It seemed simple enough – OpenOffice would connect to the database via JDBC, with the JDBC URL and driver class..trouble was, no matter what I did, the driver class would not be recognised!

After endlessly searching on the web for a solution, I realised the piece of the puzzle I was missing – the version of the hsqldb jar file. The version 2.0.0 jar appears to be incompatible with OpenOffice 3.3 – Reverting back to solves the problem, and the JDBC driver class is recognised.

So I’ll publish the process in full here, just in case anyone else runs into the same problem!


  • OpenOffice 3.3.0 (The latest stable at the time of writing)
  • hsqldb-
  • An existing hsql database (created using hsqldb jars)

OpenOffice Configuration

Despite OpenOffice using hsqldb for it’s internal databases, the driver is not natively available for JDBC.

Under Preferences > > Java, ensure that a JRE is registered. Open up the classpath dialog, and add an archive entry for the hsqldb jar

OpenOffice Java Config

OpenOffice Java and Classpath Configuration

This is basically where I had been running into trouble. My application originally used hsqldb version 2.0.0 with Hibernate. Despite the driver class being the same (org.hsqldb.jdbcDriver), it seems OpenOffice would not recognise this version of hsqldb.

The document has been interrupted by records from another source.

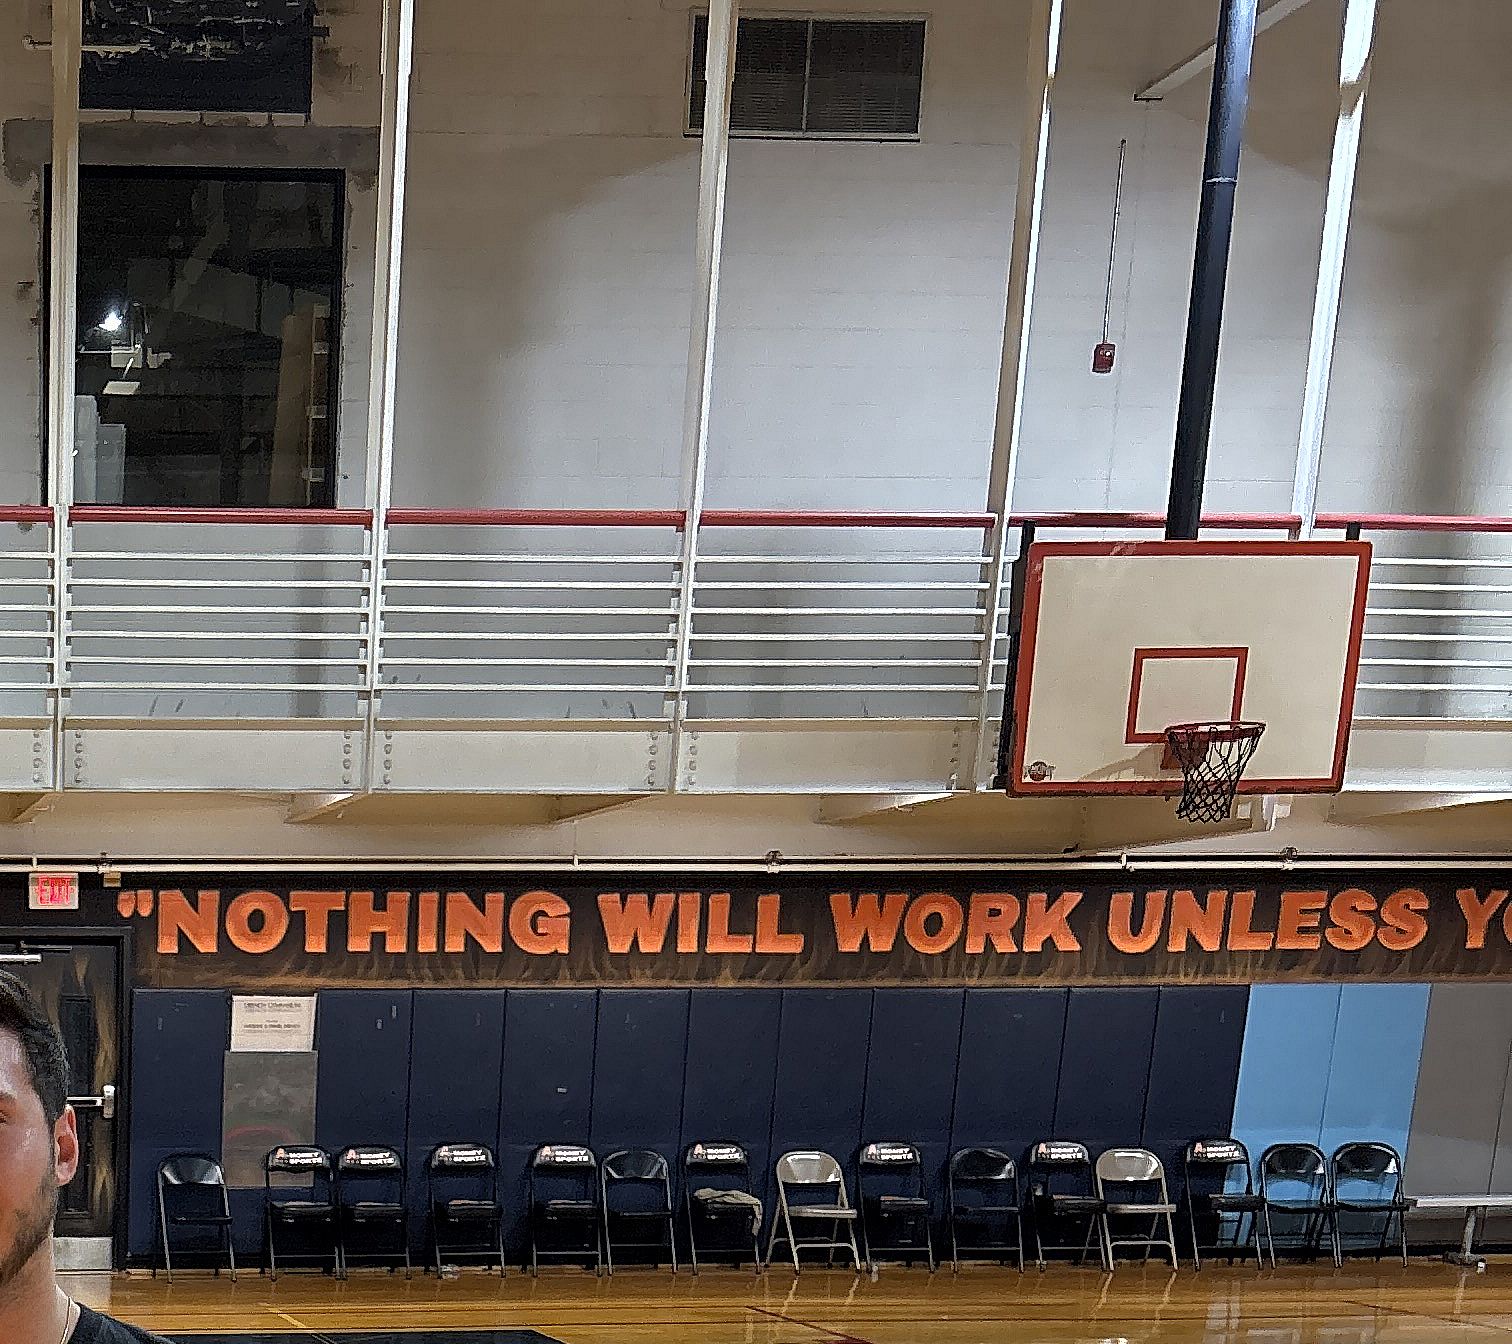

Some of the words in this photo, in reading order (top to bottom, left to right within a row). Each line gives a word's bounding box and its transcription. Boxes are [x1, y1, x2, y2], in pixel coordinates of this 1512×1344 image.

[38, 877, 72, 905] EXIT
[598, 893, 804, 953] WILL
[830, 892, 1080, 953] WORK
[1108, 889, 1428, 953] UNLESS
[1456, 888, 1512, 950] Y
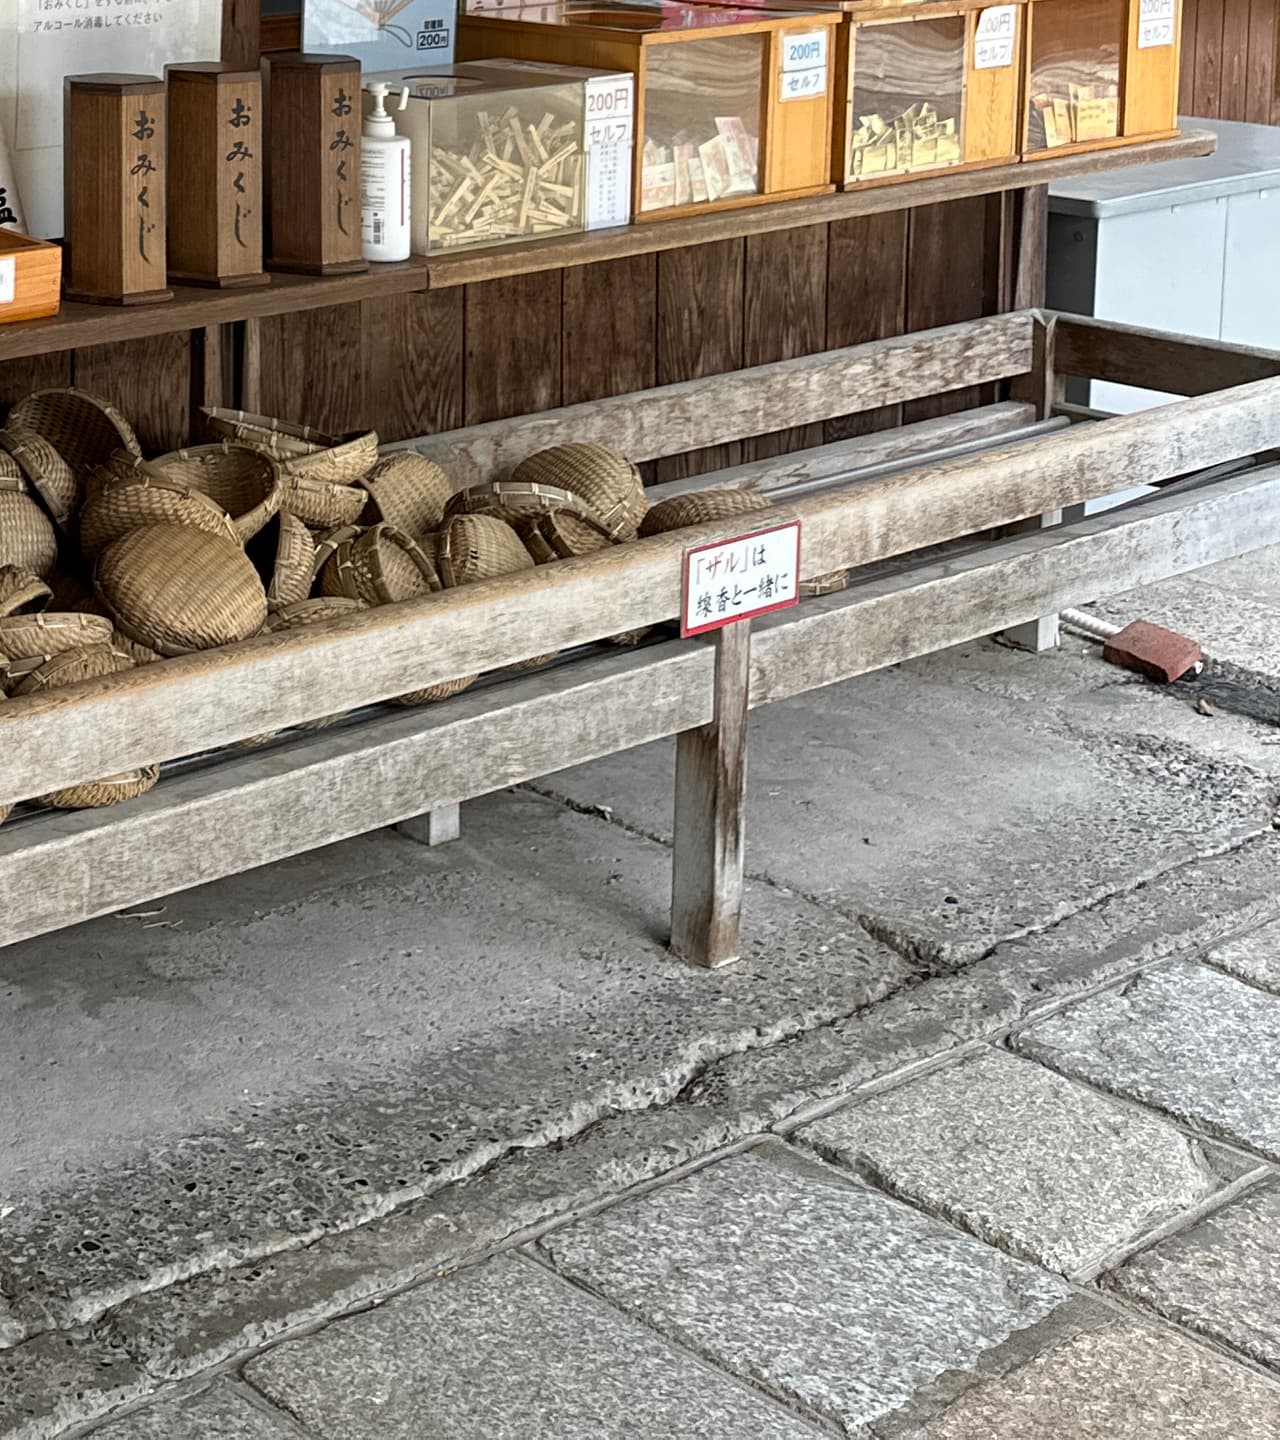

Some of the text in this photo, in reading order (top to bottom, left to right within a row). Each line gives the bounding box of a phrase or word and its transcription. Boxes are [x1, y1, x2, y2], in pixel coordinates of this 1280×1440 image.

[33, 13, 163, 33] アルコール消毒してください
[1143, 24, 1170, 40] セルフ
[789, 40, 820, 61] 200円
[977, 42, 1008, 63] セルフ
[787, 71, 820, 92] セルフ
[588, 89, 628, 111] 200円
[590, 124, 628, 144] セルフ
[225, 98, 253, 248] おみくじ
[329, 88, 354, 237] おみくじ
[130, 110, 157, 264] おみくじ
[697, 544, 768, 585] 「ザル」は
[696, 573, 788, 617] 線香と一緒に
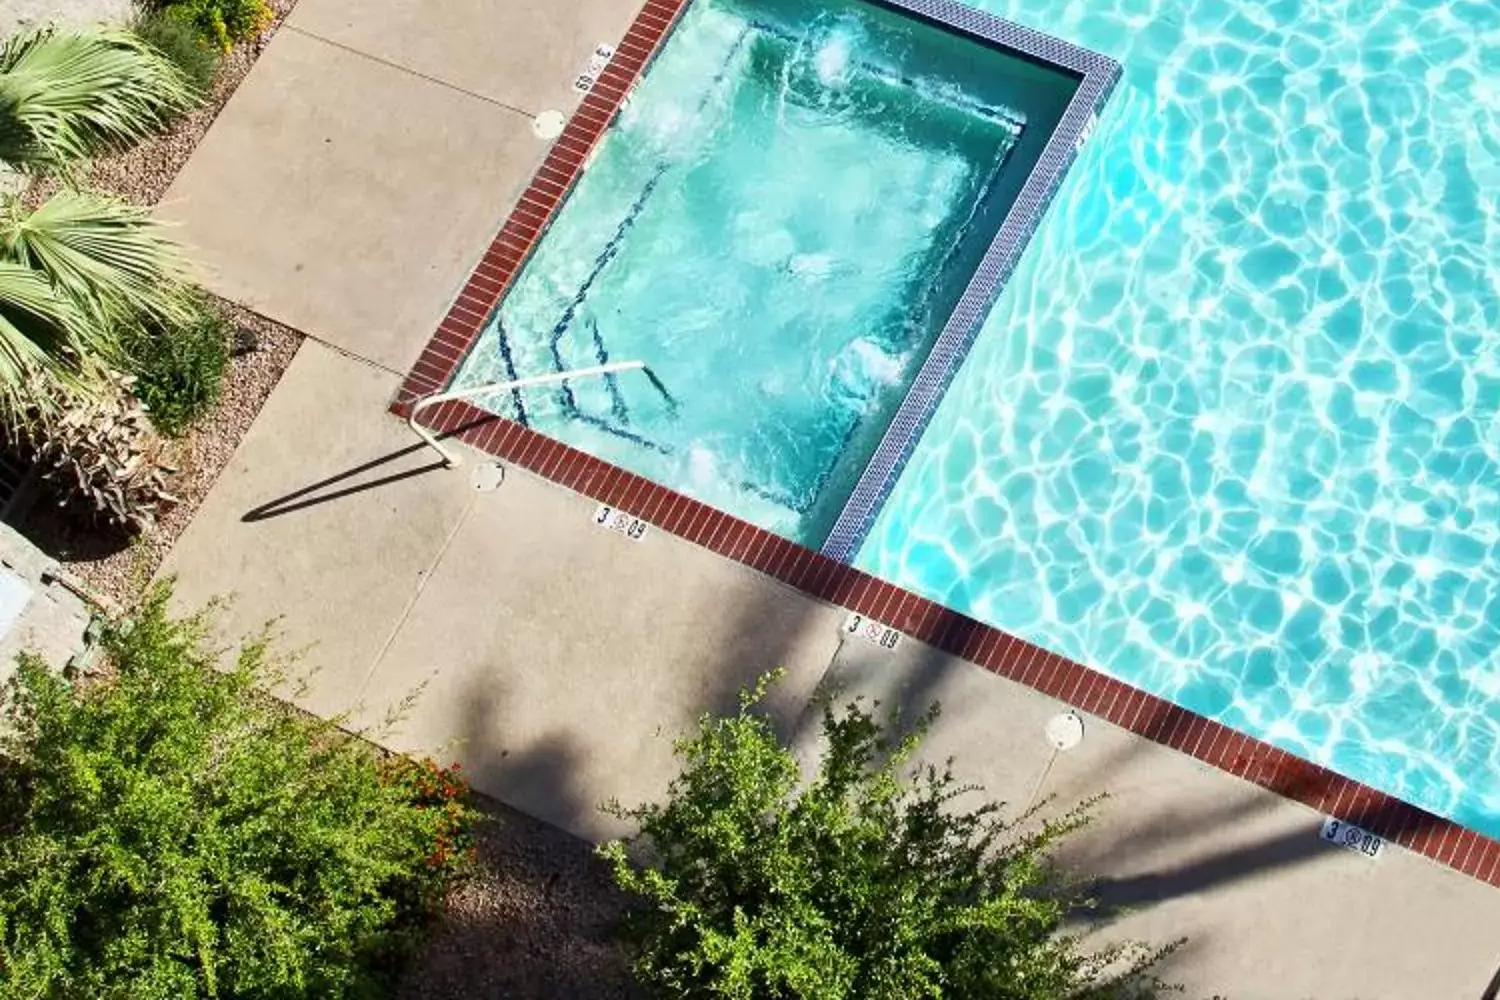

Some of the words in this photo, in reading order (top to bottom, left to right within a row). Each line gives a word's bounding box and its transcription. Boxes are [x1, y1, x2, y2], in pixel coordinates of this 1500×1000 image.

Connect OpenOffice to Database

Using OpenOffice’s Database, select Connect to an existing database (using JDBC).

Enter the JDBC Connection details:

  • URL: The JDBC URL minus the ‘jdbc:’ – should be of the form hsqldb:/path/to/database – also append ;default_schema=true to the end.
  • JDBC driver class is: org.hsqldb.jdbcDriver

Note that ‘database’ is the collective database name for the files making up the hsqldb instance (e.g. database.log,, database.script).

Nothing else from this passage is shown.